How loud and hectic is it? Delivery trucks back into swirling crowds while their warning signals repeatedly and murderously screech like limp versions of that famous music from Hitchcock's shower scene. Buses double park during driver breaks, locals jaywalk whenever impossible, and cab drivers miraculously negotiate what's left of the narrow streets. This china town / little India/ Central Market area, where I'm staying, is teaming with endless processions of people with a mission. Throngs of Asians in every hue, mill and glide. Mostly Indian, Malaysian, and Chinese live here, though other Asians seem to be visiting. Some women in head scarves float by in extravagantly colored loose fitting robe and skirt combinations, with smartly placed decorative pins holding it all together. Some lazy gangly adolescents bunch their headscraves over modern tight fitting clothes. Bare headed women also abound in varying dress and degrees of modernity. The Indian women seem to prefer the extremely loose fitting outfits with tapered pants. Frankly, the women were such peacocks, I don't remember what the men wore. Most all the women are wearing lady like shoes and nice handbags. Despite my Indian outfit, my Tivas and backpack give me away as a tourist. Still, I delight in confusing some. It seems that most assume that anyone Asian looking, and not toting hello kitty items, must be from here. I plan to bridge the awkward gap a bit, by learning a few courteous and useful phrases via the internet and helpful locals.

Well... off to find my way back to my guest house.


Kuala Lumpur - Mon, March 1, 2004

___ Evening In my room___
After many false starts, and conflicting directions from well meaning locals, I finally found my hotel. I recharged most of my batteries (metaphorically and literally)... courtesy of stuff I bought today (new electrical adaptor, shampoo, talcum, face powder) and a fabulously thorough scrubbing and cool shower. I was glad that the bizarre looking adapter combinations didn't short anything out, or otherwise fry my expensive digital equipment.

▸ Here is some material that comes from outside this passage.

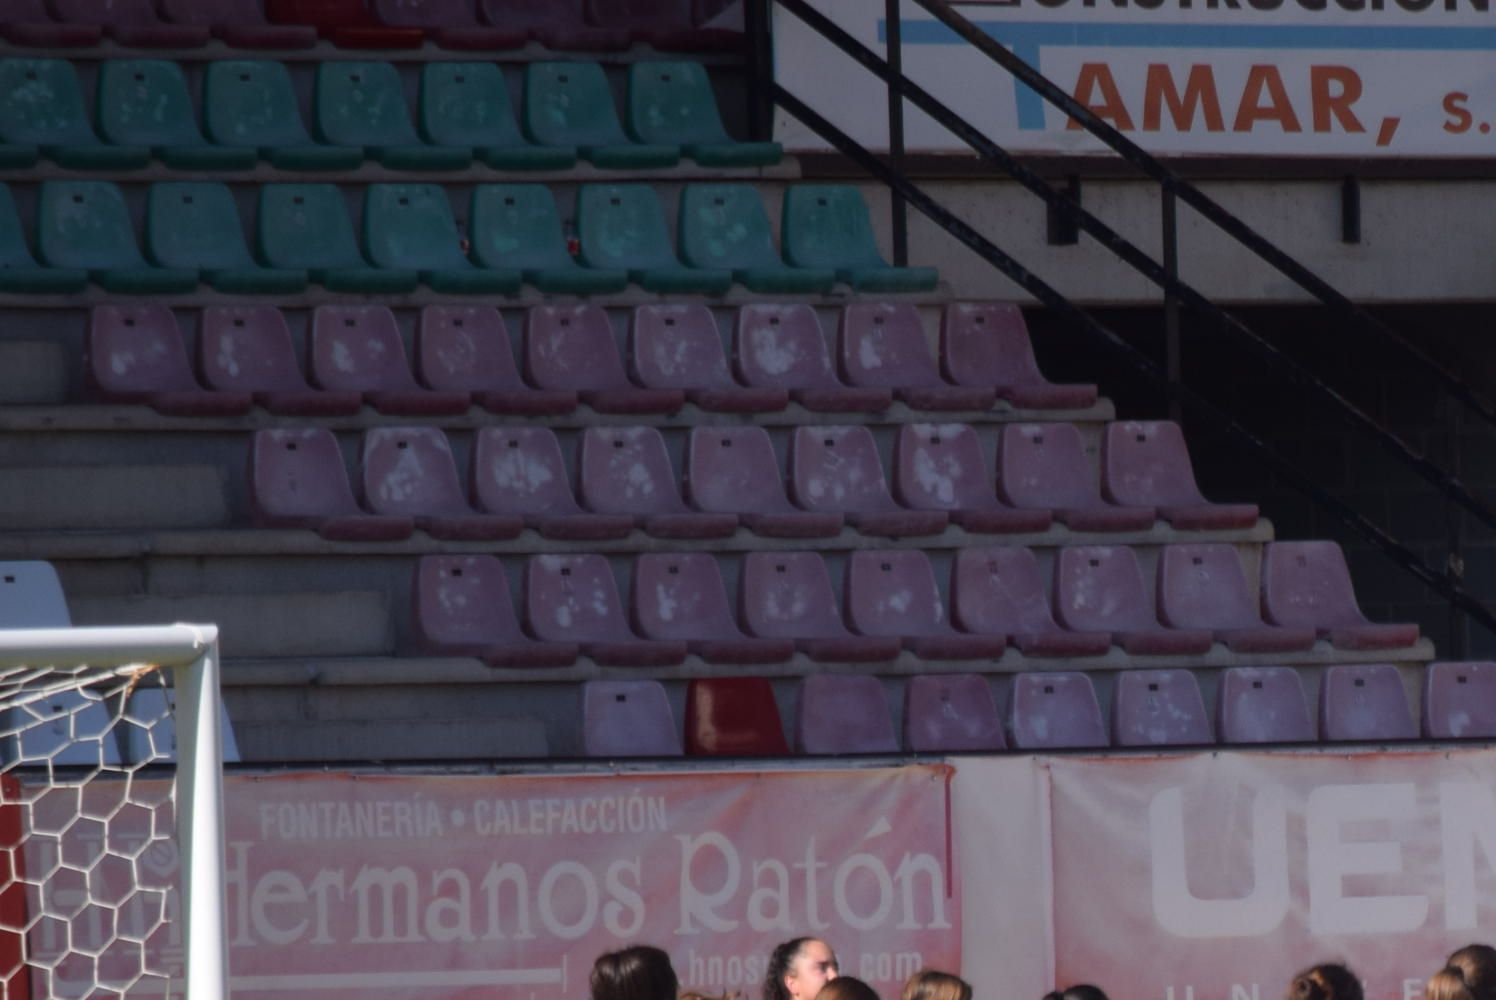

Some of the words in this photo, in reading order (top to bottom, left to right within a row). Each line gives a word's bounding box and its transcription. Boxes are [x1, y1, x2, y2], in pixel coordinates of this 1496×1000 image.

[259, 794, 444, 839] FONTANERÍA
[474, 789, 668, 835] CALEFACCIÓN
[672, 816, 953, 936] Ratón

Well, it's time to forage the streets for dinner. My appetite couldn't keep up with my intriguing culinary opportunities today. There were many locals only haunts I was loathe to skip. But, considering my penchant for traveling in circles, I'm bound to run into at least one of them again! I hope to find a fellow traveler to share a meal with... it would cut down on the intimidation factor of being an outsider, especially as a woman alone that doesn't speak the language. I feel safe (mostly), though I feel awkward and a little lonely. Where's Chantal?

Oh... I almost forgot to mention. My first night here, the young owner of the downstairs reggae bar leapt at the opportunity to engage my services as a muralist and web designer. I'm afraid the exchange rate is NOT in his favor... especially since he's made noises about his thin profit margin. I gave him free advice, and put off all decisions with the understanding I was WAY too tired to consider new business on only 2 hours of sleep in 30 hours. The fact that he didn't pick up my overpriced dinner tab of fried rice and bottled water didn't bode well!